_Aim of the task_:
Without the pictures, reproduce the records that follow exactly.

• • • •

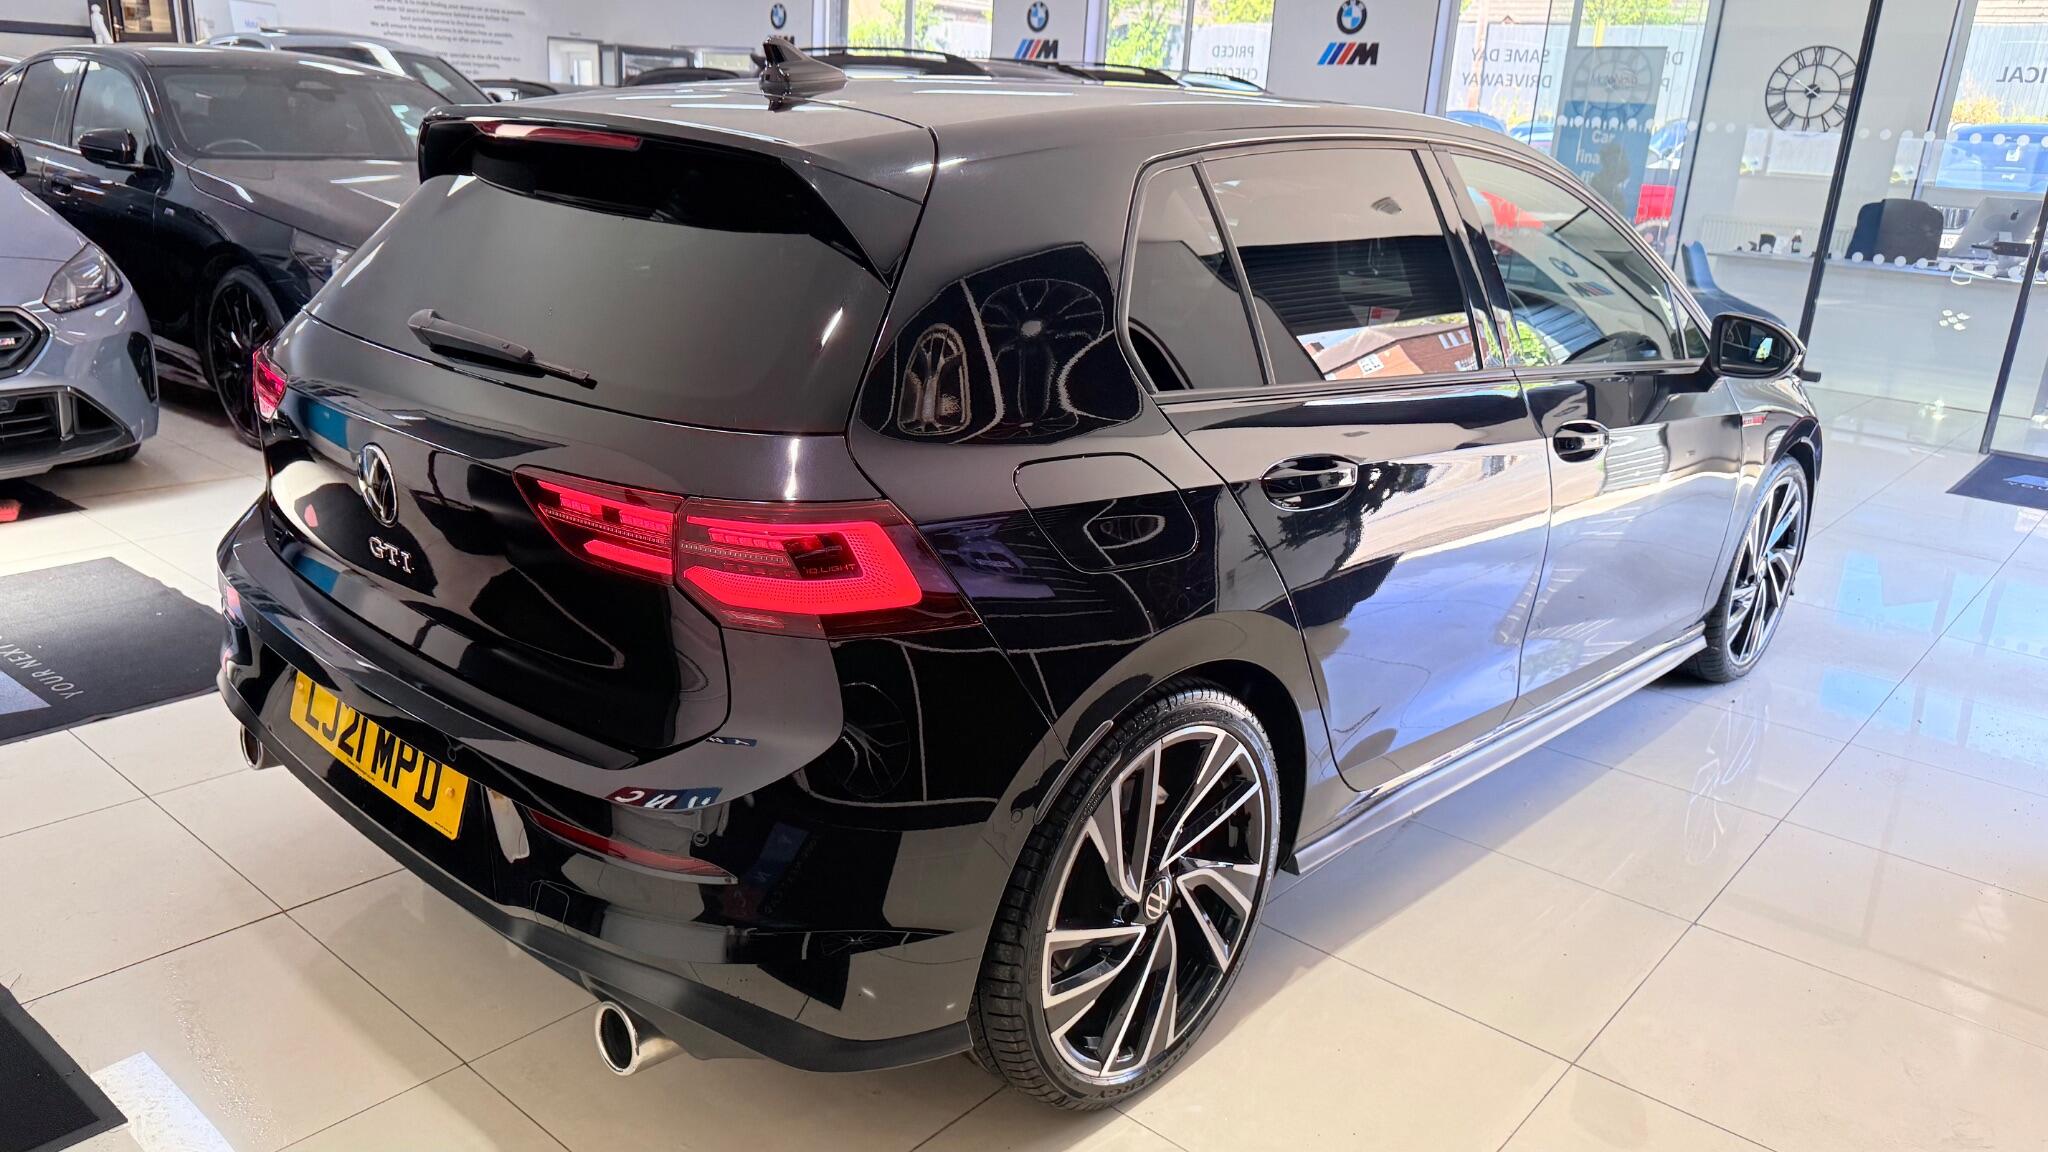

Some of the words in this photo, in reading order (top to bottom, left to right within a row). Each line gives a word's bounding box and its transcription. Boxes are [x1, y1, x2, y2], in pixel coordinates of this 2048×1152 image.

[1591, 129, 1616, 144] Car
[368, 536, 415, 574] GTI
[31, 668, 84, 700] YOUR
[305, 681, 370, 764] LJ21
[370, 724, 443, 812] MPD
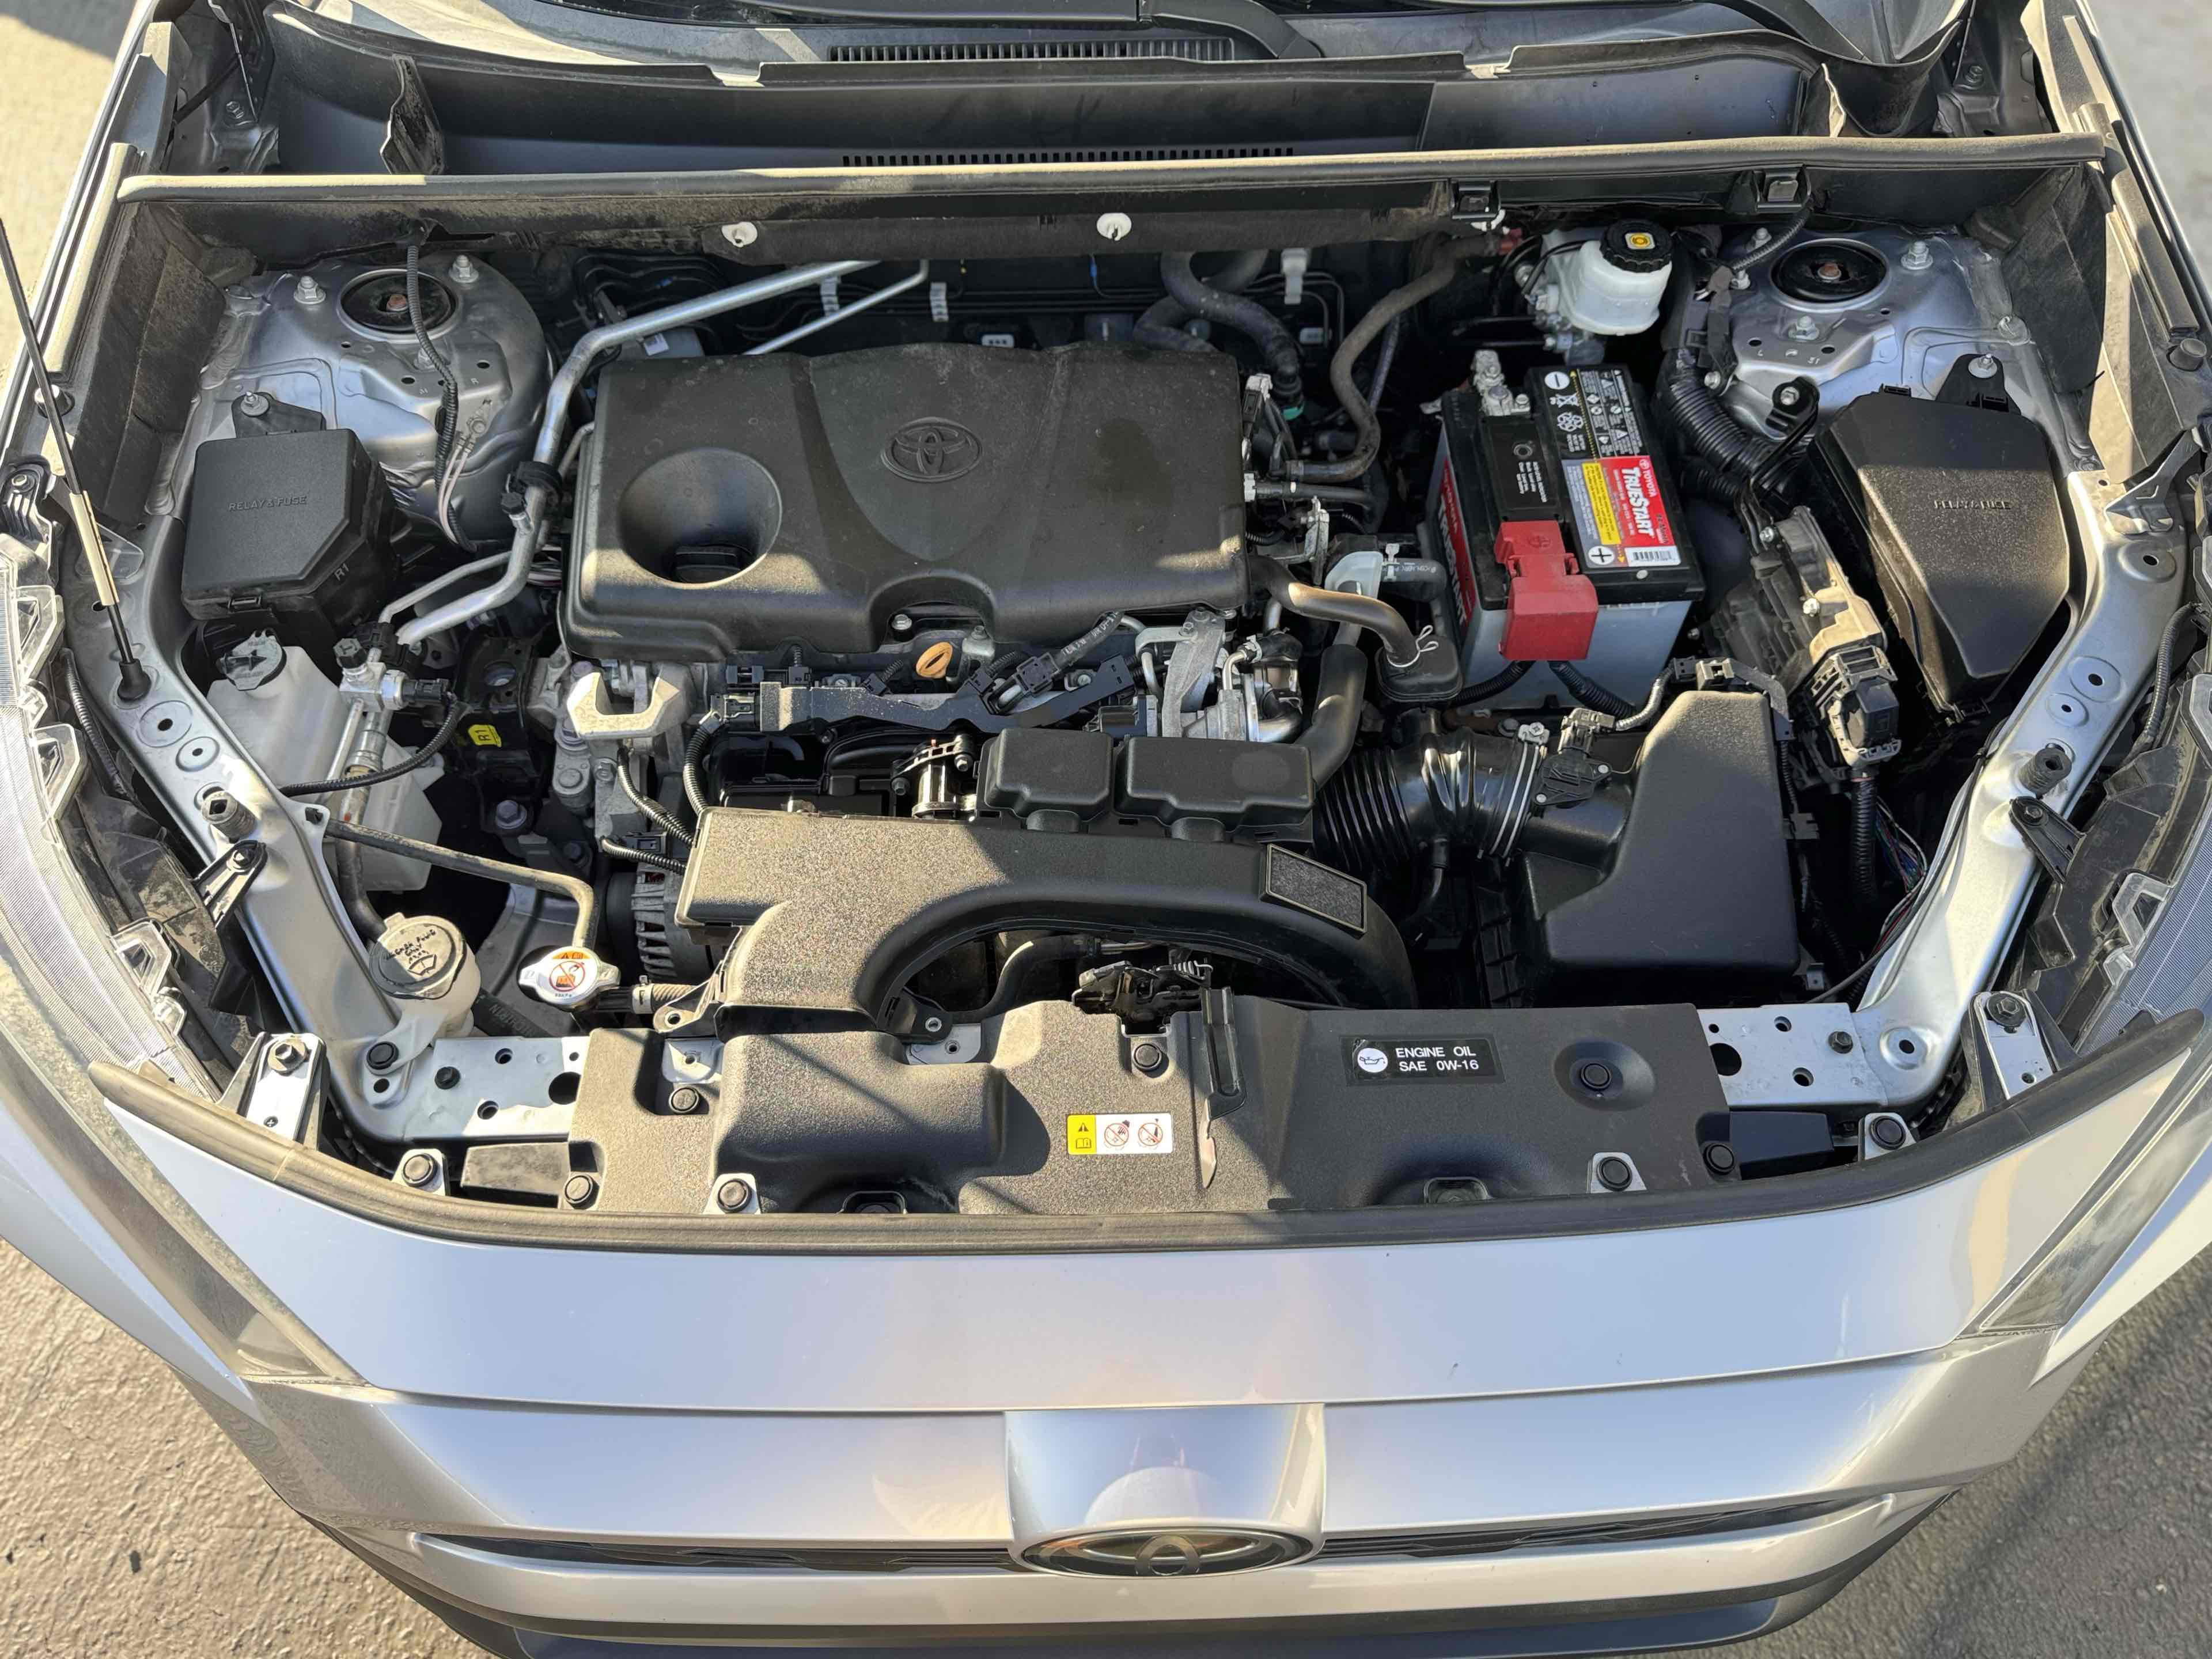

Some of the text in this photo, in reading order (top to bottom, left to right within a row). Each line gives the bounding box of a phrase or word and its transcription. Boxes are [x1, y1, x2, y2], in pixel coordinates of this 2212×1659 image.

[1642, 469, 1657, 498] TOYOTA
[229, 495, 308, 512] RELAY & FUSE
[334, 563, 350, 581] R1
[475, 729, 491, 741] R1
[1395, 1046, 1476, 1059] ENGINE OIL
[1399, 1059, 1479, 1072] SAE 0W-16

• • • •

_Result of the task_:
Some of the words in this photo, in reading order (top to bottom, left to right within a row). Each line gives a word's bounding box and its transcription. Boxes are [x1, y1, x2, y2], in pixel coordinates of this 2048×1152 image.

[1591, 129, 1616, 144] Car
[368, 536, 415, 574] GTI
[31, 668, 84, 700] YOUR
[305, 681, 370, 764] LJ21
[370, 724, 443, 812] MPD

Some of the text in this photo, in reading order (top to bottom, left to right within a row). Each line gives the bounding box of a phrase or word and its transcription. Boxes are [x1, y1, x2, y2], in pixel coordinates of this 2212×1659 image.

[1642, 469, 1657, 498] TOYOTA
[229, 495, 308, 512] RELAY & FUSE
[334, 563, 350, 581] R1
[475, 729, 491, 741] R1
[1395, 1046, 1476, 1059] ENGINE OIL
[1399, 1059, 1479, 1072] SAE 0W-16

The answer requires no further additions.